Spatial localization data>
- Opening Delimiter -
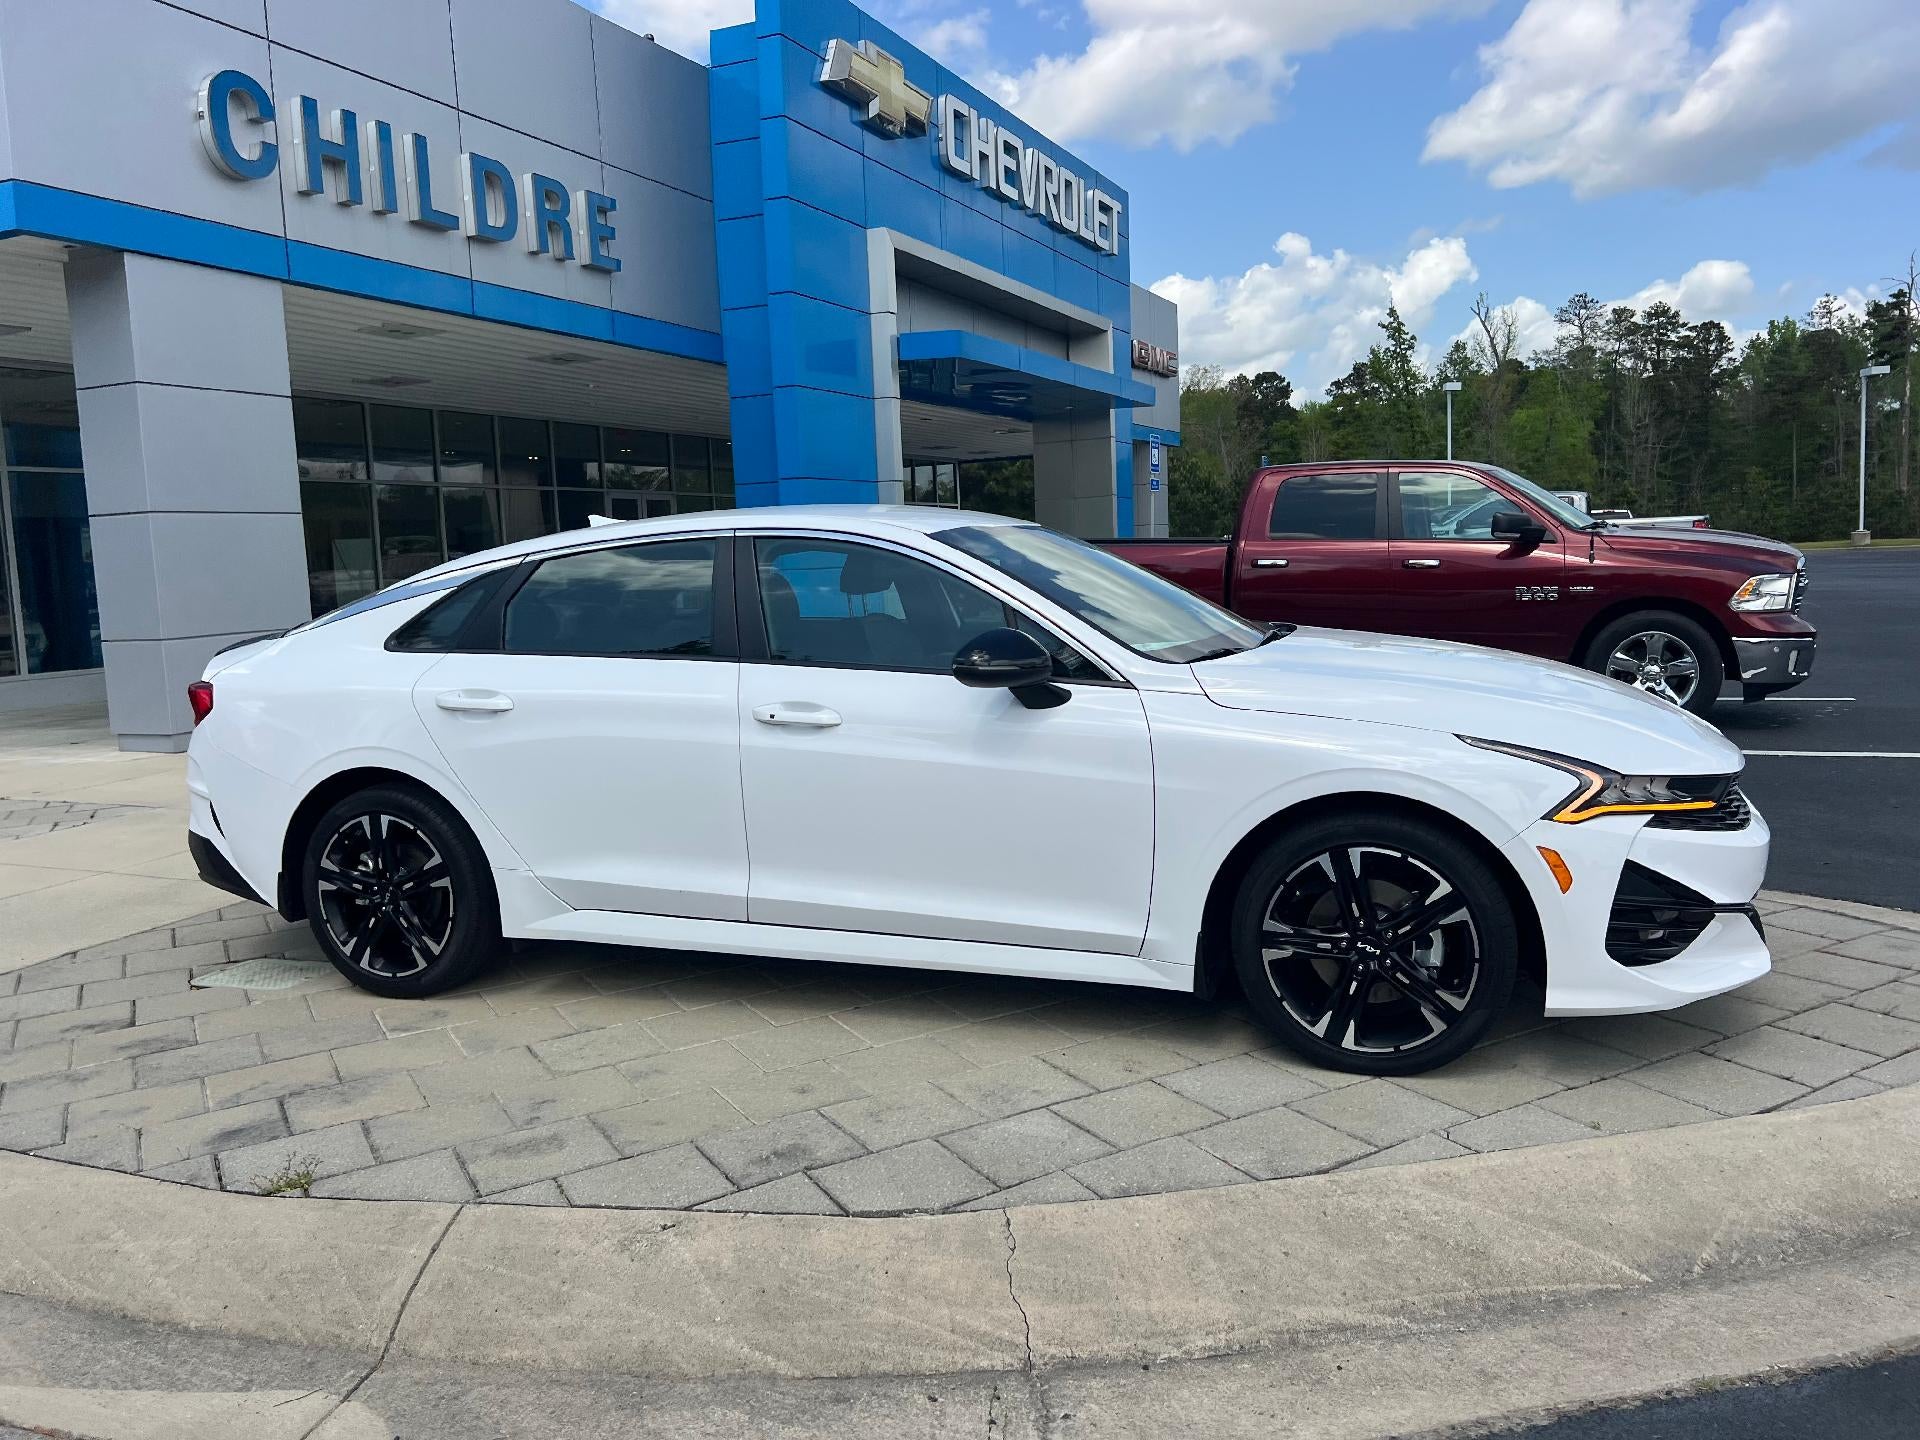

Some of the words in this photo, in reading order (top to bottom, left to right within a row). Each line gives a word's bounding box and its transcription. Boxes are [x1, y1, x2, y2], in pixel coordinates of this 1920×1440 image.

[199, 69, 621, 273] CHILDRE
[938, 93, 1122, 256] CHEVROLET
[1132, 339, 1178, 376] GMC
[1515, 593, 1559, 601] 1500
- Closing Delimiter -
Exercise goal>
Write out the entries above in full and exactly; no pictures.

Output for this task>
Some of the words in this photo, in reading order (top to bottom, left to right within a row). Each line gives a word's bounding box and its transcription. Boxes are [x1, y1, x2, y2], in pixel coordinates of this 1920×1440 image.

[199, 69, 621, 273] CHILDRE
[938, 93, 1122, 256] CHEVROLET
[1132, 339, 1178, 376] GMC
[1515, 593, 1559, 601] 1500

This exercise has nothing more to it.